丸みのある巨体についた尾ひれで優雅に空を泳いだ後、再び雲脈の底へと潜っていく。その光景を二人で眺めた。
「雲脈の中には、リジラよりでかい生き物も住んでるらしいぞ」
「もっと大きなのがいるんだ。見てみたいなぁ」
広大な雲の広がり。その中には俺たち人間も知らない神秘的な生態系が広がっていることだろう。中には船をまるごと食ってしまうような巨大生物だっているかもしれない。長大な体を持つ蛇のような怪物とか……まさかね。
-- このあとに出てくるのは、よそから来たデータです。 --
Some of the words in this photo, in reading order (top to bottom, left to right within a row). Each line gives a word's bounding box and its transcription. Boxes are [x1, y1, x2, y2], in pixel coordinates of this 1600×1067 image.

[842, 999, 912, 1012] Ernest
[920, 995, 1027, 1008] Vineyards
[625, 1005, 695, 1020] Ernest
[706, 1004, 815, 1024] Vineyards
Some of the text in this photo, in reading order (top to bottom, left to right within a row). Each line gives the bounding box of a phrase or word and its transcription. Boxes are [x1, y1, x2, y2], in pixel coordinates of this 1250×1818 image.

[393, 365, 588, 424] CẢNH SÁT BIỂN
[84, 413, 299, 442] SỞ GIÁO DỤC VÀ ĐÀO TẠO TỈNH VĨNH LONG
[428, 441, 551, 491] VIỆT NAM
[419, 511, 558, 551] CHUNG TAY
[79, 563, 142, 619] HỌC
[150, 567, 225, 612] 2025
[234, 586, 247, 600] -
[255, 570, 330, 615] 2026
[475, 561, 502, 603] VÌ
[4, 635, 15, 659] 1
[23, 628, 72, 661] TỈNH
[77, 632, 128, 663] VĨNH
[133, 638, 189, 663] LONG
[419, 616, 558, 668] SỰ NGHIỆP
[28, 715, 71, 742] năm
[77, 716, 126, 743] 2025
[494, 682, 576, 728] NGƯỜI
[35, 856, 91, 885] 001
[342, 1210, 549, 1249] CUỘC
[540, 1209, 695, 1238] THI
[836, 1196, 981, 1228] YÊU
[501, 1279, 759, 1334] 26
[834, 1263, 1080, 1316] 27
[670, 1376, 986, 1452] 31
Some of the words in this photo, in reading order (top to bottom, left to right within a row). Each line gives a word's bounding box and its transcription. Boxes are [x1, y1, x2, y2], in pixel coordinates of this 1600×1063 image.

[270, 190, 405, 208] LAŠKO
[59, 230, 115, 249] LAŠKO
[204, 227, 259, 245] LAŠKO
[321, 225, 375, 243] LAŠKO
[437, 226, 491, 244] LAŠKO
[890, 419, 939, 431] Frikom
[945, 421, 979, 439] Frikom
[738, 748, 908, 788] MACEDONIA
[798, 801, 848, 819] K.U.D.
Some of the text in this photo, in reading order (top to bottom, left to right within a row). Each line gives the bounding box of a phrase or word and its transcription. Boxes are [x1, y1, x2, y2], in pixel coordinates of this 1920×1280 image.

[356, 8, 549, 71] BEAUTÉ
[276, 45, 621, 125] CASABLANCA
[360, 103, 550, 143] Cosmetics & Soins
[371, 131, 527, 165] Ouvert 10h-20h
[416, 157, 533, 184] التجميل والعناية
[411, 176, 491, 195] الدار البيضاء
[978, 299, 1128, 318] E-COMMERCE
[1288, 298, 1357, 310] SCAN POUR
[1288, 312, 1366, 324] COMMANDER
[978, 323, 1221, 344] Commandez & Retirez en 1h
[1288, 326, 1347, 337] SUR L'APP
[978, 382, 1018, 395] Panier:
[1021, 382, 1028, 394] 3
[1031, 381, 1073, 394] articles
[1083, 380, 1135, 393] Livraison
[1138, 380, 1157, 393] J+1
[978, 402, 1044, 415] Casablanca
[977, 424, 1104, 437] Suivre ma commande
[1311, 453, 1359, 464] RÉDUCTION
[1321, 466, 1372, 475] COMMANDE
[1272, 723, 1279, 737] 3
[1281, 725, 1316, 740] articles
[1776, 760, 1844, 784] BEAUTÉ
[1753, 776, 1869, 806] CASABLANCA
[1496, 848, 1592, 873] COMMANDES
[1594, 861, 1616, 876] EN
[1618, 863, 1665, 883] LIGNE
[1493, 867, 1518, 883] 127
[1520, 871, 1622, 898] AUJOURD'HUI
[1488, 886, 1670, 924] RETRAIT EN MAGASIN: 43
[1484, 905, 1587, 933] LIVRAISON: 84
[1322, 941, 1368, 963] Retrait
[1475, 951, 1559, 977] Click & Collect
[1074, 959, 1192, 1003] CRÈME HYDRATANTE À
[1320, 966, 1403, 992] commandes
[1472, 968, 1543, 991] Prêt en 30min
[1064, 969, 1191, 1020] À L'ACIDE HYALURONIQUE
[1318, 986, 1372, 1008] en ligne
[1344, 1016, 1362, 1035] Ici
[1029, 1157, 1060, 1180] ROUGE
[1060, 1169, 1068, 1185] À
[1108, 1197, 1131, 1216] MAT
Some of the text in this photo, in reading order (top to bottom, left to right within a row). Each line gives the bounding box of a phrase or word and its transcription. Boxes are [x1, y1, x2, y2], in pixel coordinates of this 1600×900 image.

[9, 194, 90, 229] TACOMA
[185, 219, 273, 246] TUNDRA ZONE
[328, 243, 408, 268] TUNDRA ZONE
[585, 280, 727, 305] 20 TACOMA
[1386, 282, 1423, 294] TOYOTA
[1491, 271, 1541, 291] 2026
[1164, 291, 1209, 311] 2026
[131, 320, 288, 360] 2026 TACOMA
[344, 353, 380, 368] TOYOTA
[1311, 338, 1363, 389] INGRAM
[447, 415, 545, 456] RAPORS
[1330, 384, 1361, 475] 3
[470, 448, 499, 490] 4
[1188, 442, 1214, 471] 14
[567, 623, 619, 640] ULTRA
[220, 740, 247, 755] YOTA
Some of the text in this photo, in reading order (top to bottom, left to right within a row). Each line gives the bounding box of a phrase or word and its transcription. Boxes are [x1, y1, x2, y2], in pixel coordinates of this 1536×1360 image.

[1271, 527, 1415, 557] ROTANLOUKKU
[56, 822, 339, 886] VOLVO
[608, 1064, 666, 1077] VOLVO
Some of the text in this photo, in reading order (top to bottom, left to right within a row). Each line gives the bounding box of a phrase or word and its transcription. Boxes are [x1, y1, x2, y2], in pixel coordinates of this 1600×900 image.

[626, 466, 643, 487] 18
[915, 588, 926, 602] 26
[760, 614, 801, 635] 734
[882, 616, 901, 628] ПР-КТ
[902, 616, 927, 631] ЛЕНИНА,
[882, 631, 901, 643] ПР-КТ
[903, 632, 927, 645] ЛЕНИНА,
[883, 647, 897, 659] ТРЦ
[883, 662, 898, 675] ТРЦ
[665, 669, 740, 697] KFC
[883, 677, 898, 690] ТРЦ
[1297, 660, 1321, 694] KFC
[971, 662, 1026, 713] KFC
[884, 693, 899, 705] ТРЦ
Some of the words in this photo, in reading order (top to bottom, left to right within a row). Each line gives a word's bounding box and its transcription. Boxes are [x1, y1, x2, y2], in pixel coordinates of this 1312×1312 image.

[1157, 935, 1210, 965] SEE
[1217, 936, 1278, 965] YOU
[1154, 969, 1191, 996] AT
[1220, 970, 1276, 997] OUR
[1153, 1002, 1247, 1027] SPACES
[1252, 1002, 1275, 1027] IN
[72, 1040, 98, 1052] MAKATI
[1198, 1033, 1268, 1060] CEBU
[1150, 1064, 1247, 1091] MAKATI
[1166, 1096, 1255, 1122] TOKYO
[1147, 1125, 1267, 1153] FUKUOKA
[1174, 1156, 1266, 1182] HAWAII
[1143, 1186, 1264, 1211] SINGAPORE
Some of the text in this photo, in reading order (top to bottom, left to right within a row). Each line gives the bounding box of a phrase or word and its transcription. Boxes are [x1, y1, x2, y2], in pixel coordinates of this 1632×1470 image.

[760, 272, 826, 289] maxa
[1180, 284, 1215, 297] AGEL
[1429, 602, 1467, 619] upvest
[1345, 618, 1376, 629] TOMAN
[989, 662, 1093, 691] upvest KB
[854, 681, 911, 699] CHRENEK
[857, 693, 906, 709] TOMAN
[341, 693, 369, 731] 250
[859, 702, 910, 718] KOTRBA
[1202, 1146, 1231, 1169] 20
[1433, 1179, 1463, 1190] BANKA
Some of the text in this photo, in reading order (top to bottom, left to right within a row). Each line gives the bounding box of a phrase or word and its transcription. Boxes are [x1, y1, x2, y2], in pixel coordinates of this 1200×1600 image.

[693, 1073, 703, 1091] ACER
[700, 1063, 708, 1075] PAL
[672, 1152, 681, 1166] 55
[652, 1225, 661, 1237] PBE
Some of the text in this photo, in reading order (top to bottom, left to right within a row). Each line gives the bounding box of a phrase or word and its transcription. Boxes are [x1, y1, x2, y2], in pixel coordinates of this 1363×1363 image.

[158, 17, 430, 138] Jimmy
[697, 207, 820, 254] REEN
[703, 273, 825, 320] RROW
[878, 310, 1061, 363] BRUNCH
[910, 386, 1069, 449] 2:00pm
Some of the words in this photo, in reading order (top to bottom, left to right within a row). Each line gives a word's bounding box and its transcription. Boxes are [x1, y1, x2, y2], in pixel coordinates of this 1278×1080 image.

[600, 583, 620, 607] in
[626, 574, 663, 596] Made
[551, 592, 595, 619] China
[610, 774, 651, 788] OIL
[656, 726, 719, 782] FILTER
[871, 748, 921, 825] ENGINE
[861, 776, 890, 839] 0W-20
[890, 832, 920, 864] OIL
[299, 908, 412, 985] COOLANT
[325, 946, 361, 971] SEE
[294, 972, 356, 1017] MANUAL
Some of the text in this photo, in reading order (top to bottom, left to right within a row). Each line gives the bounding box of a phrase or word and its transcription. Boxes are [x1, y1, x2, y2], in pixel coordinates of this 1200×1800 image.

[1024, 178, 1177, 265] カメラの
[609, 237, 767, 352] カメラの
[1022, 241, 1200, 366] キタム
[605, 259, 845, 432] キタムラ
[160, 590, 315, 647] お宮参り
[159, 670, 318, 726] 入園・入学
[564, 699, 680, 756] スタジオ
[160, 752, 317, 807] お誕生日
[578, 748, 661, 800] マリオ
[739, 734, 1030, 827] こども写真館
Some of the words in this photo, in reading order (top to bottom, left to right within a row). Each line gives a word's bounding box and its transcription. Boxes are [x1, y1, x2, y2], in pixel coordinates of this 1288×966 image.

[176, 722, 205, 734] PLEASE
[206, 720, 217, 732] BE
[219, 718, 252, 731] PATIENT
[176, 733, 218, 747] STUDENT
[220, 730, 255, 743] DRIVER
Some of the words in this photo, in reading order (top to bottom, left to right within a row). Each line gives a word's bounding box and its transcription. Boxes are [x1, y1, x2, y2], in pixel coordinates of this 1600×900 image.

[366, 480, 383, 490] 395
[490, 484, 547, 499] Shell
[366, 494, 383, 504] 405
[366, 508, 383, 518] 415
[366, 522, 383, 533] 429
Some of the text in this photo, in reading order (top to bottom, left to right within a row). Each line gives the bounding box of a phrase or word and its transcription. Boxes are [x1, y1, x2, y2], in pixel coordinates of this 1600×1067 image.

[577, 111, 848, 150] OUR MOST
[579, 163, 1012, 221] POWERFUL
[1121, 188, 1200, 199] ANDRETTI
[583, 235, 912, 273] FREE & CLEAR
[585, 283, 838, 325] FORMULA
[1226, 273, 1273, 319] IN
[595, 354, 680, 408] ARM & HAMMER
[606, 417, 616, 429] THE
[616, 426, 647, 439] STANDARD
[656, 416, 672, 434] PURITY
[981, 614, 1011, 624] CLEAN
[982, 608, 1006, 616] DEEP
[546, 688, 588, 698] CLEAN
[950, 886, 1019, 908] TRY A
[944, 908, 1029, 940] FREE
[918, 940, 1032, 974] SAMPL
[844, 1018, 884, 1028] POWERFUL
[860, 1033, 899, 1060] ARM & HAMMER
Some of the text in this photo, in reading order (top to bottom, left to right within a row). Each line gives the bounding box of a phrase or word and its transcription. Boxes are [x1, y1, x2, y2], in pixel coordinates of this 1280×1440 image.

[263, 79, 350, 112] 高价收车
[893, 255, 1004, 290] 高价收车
そうして俺たちはオリジヴォーラを飛び立って七日、ついにミルレーク諸島へ至った。イストミルからの玄関口、リオネラ島の港に浮遊船は停泊した。
乗ってきた浮遊船はリオネラまでしか飛ばないので、俺たちはここで船を乗り換えてカナリア島を目指すことになる。
ミルレーク諸島に入ると空の色に変化が現れ始めた。時間はまだ昼前だというのに空は夕暮れ近くのように黄金色に染まる。ミルレーク特有の空の色で、夜以外陽の出ている間はずっとこの夕暮れ時のような空模様になるらしい。なんとも不思議な感じだ。
リオネラで浮遊船を降りた俺たち三人は埠頭に沿って沿道を歩いて街へ向かう。
乗船場で聞いたところによるとカナリア島へ向かう船は明朝出る。リオネラから向かうルートは一つだけで週に一度。ここから四日はかかるそうだ。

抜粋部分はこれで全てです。